Colley: Well, one of the things that came through; through not only the FOFA reforms but also the other superannuations reforms that came through, which are individually linked was that with the accountants there's a limited licensing arrangement involved and so for self-managed superannuation fund trustee's what they can expect going forward is that they'll receive better and higher quality advice I would hope from professionals in the self-managed superannuation fund area, that not only includes financial planners, because they're now moving forward to get taxation advice linked in, saw some licensing arrangements there, there was the registration of auditors, SMSF auditors and also the requirement that accountants, have received a limited licensing arrangement in place. So, they're the main impacts that come out of it.

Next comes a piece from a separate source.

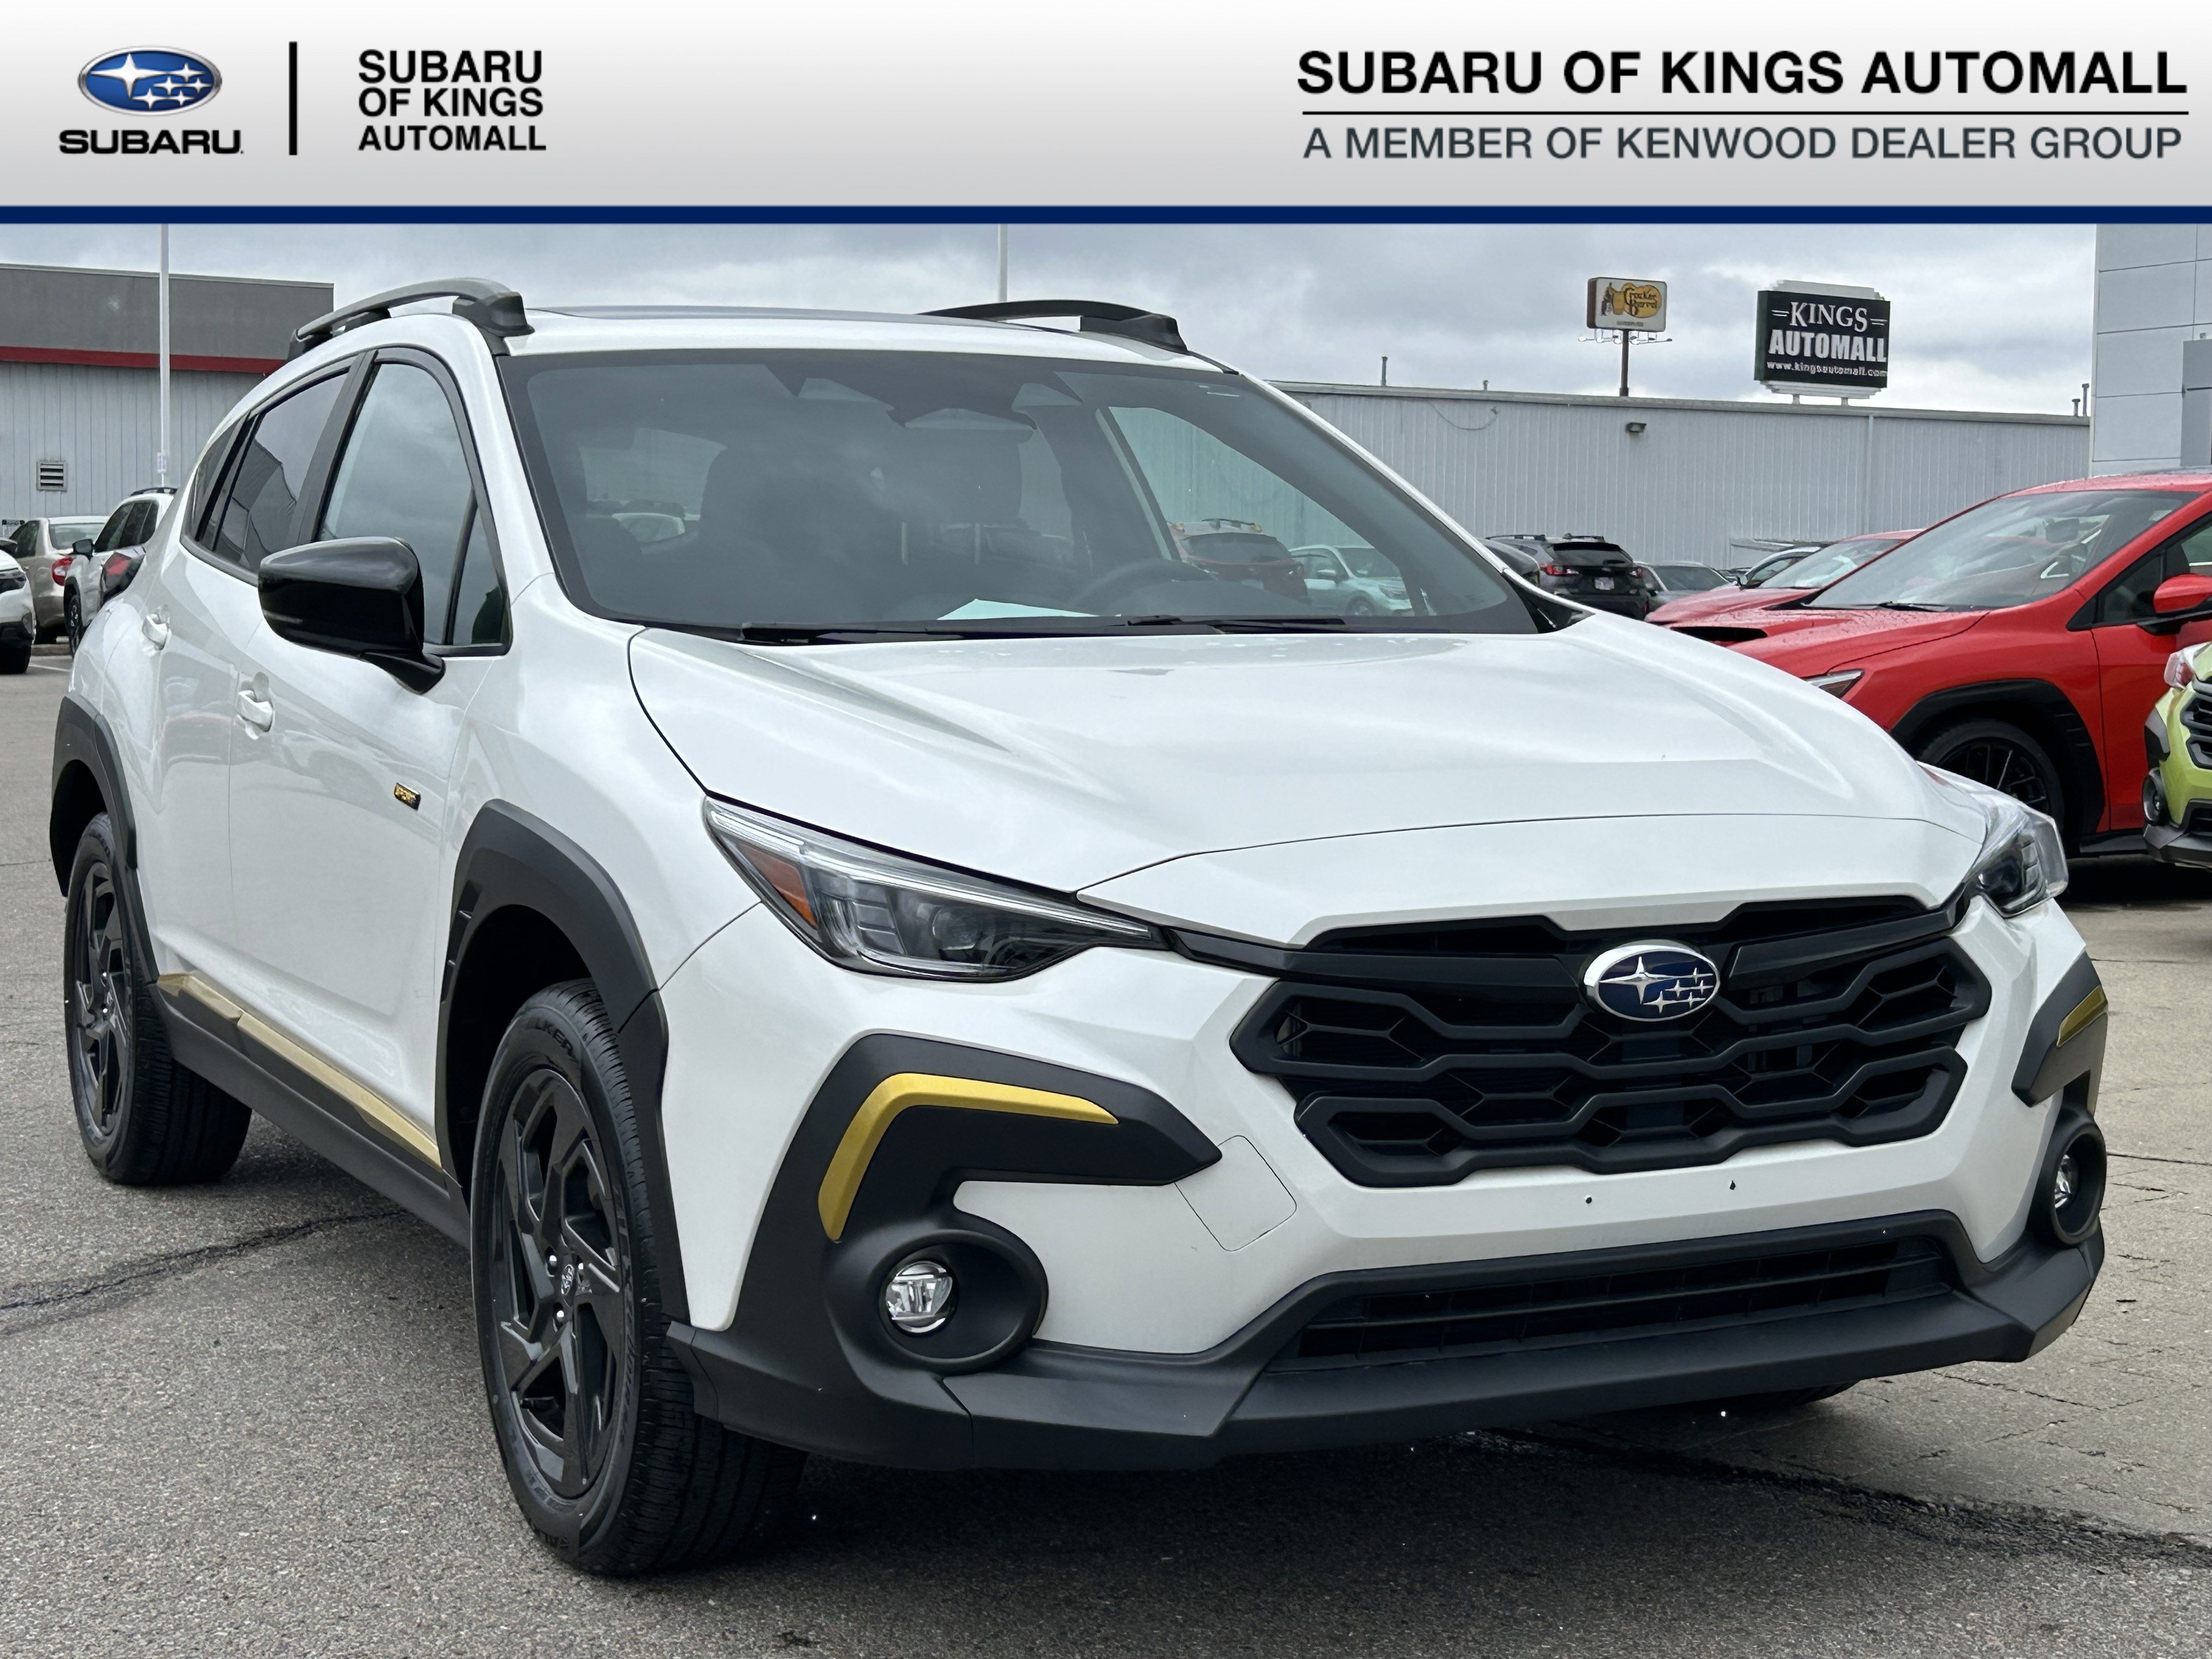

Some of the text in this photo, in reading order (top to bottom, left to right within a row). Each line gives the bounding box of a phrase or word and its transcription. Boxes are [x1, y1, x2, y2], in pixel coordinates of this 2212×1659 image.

[1789, 302, 1868, 332] KINGS
[1768, 329, 1887, 362] AUTOMALL
[1767, 361, 1887, 377] www.kingsautomall.com

They're not directly from the FOFA reforms but they're from the superannuation reforms that get linked in with FOFA.

St. Anne
: So, if trustees or individual investors are seeking advice, what sort of questions should they ask their advisors to make sure that these advisors actually comply with the new reforms?

Colley: Well, I think you need to look at the advice you're being given or the advice that will be given to you, the fees that you will pay for that. Make sure they open and disclose to you. Talk to other people who have used that advisor because word of mouth is very helpful for those, and also, have a look around on the websites and see what some of the independent opinions are on them. ASIC's got a good website about financial planners, licensing and what they should expect from a financial planner.

St Anne: Finally Graeme, the financial system's inquiry is set to release its preliminary results in mid-July. Does SPAA have any expectations?

Colley: We're certainly not privy to what's being announced with. Had a number of discussions with the committee and particularly David Murray about what we would like out of the inquiry. What we want to see is the development of a long-term investment market in Australia. It appears that if it's not broken, let's not fix it. There appears, with the committee that there'll be some comments in – some with self-managed superannuation funds, in particular on limited-recourse borrowing arrangements, and those sorts of things; but what we want to see is the development of a market which allows longer-term types investments. So, when you move into the pension phase of superannuation, you'll have greater security there, because with self-managed superannuation funds, what we've seen from some of the surveys is that going forward, the drawdown market or the pension side of superannuation seems to be solely devoted to self-managed superannuation funds going forward.

St Anne: Graeme, thanks again for your insights.

Colley: Thanks very much, Christine.